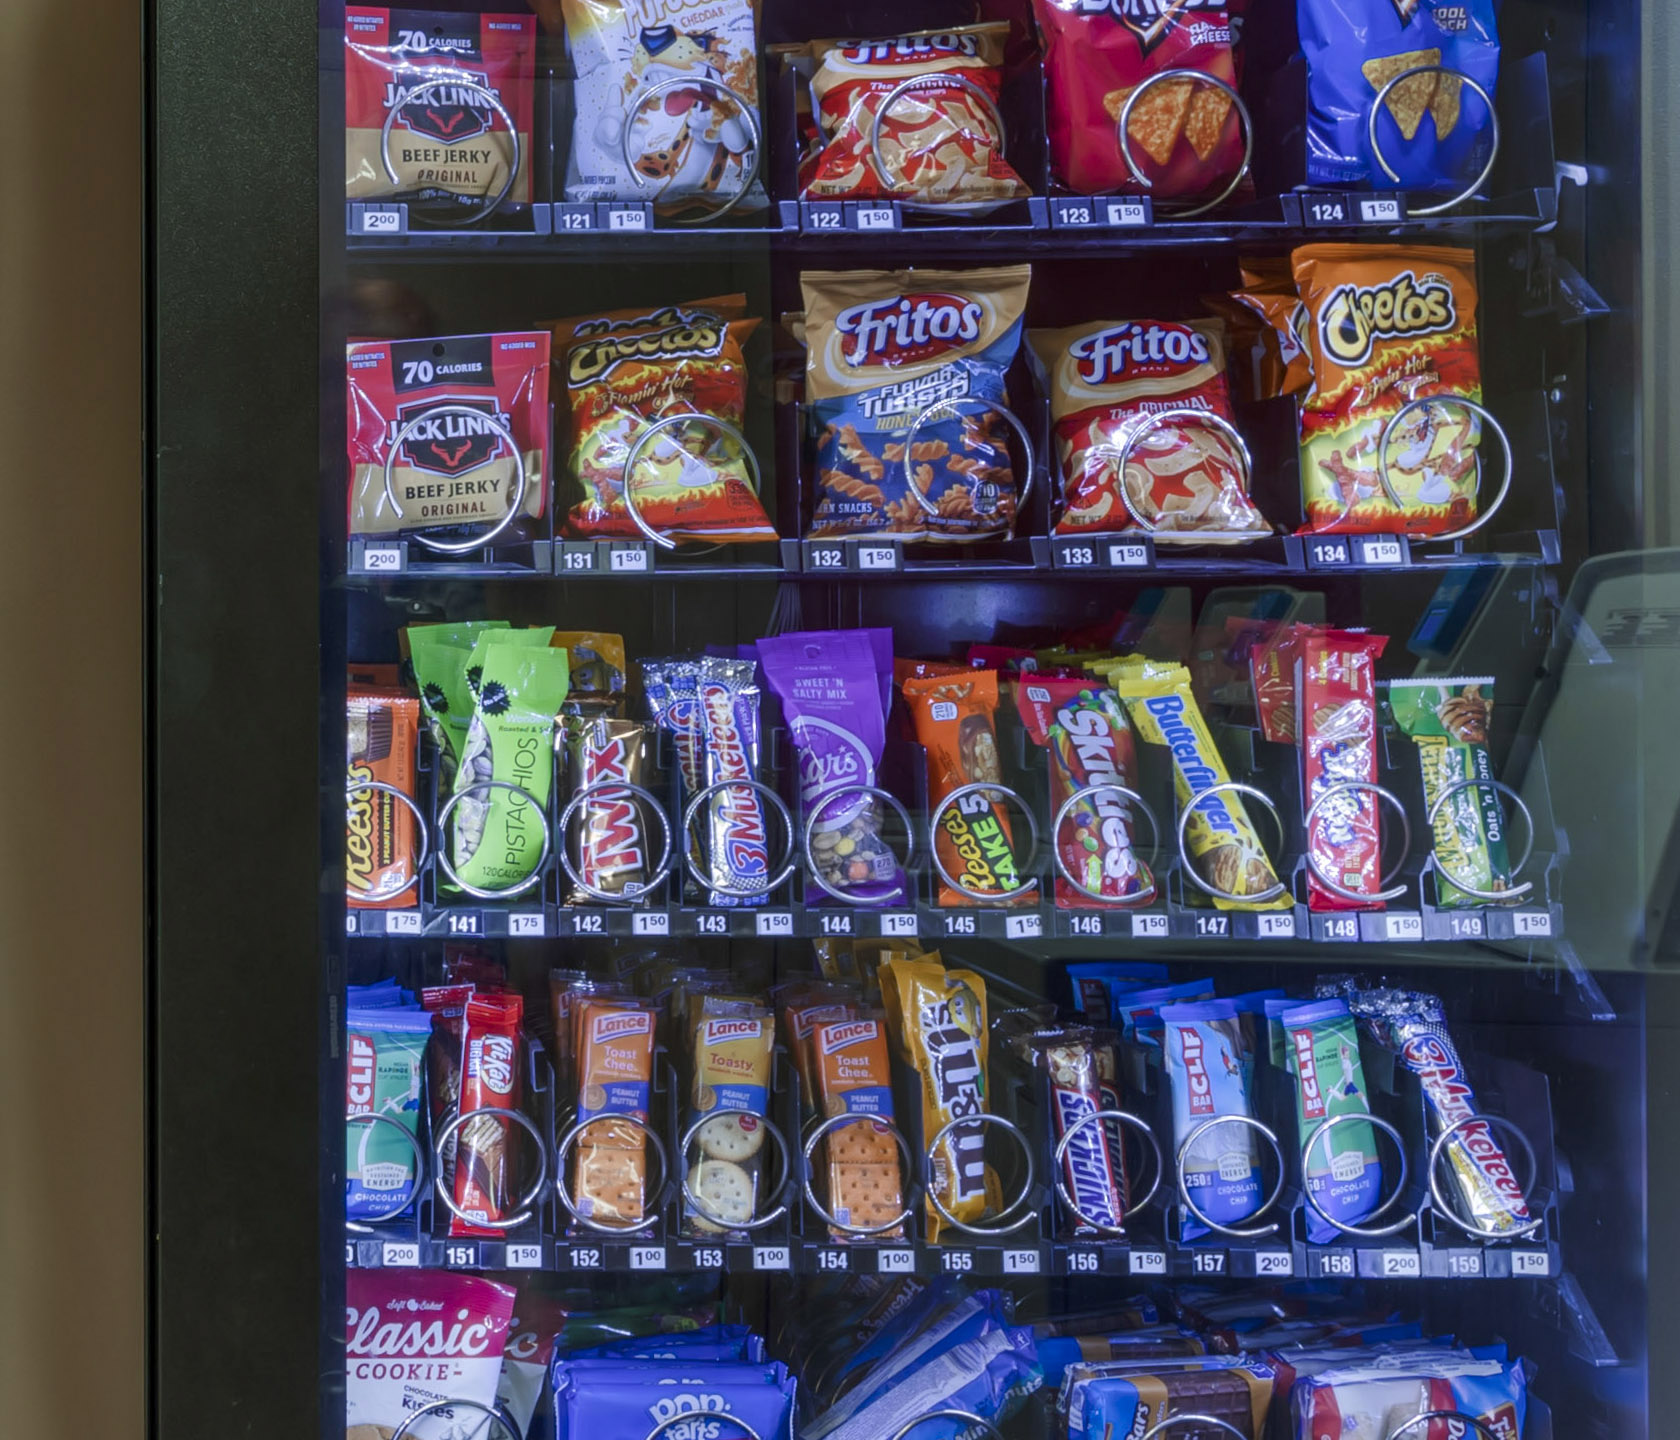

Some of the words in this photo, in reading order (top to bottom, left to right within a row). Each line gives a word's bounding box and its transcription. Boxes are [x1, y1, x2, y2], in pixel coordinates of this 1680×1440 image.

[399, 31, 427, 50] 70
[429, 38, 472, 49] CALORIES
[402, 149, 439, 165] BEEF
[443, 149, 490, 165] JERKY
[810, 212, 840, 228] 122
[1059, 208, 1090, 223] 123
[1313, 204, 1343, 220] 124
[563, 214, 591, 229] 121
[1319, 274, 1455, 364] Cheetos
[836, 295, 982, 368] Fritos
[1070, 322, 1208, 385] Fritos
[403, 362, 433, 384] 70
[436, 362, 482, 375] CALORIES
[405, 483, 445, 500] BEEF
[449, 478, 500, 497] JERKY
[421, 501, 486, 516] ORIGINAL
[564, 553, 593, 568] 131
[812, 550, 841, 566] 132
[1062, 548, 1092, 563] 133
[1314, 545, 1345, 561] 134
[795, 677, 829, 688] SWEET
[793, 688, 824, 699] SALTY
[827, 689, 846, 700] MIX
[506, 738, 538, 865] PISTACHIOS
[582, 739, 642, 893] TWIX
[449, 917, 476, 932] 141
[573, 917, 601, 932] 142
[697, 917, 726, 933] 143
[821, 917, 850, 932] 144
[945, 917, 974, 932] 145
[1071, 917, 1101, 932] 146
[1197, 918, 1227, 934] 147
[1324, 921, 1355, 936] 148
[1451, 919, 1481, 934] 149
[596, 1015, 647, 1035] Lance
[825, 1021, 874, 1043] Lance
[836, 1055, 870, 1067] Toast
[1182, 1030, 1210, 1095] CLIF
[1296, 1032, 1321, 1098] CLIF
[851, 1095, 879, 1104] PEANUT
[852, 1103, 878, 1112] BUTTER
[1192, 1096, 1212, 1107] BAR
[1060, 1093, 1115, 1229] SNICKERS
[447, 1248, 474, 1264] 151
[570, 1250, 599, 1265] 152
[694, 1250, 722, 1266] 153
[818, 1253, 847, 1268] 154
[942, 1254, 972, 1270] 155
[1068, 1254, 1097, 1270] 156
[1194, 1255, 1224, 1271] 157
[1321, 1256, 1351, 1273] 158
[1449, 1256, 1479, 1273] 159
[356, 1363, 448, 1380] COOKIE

◇ ◇ ◇ ◇ ◇

-- Your instructions --
If a line in the data above contains "JERKY", return that line.

-- Solved exercise --
[443, 149, 490, 165] JERKY
[449, 478, 500, 497] JERKY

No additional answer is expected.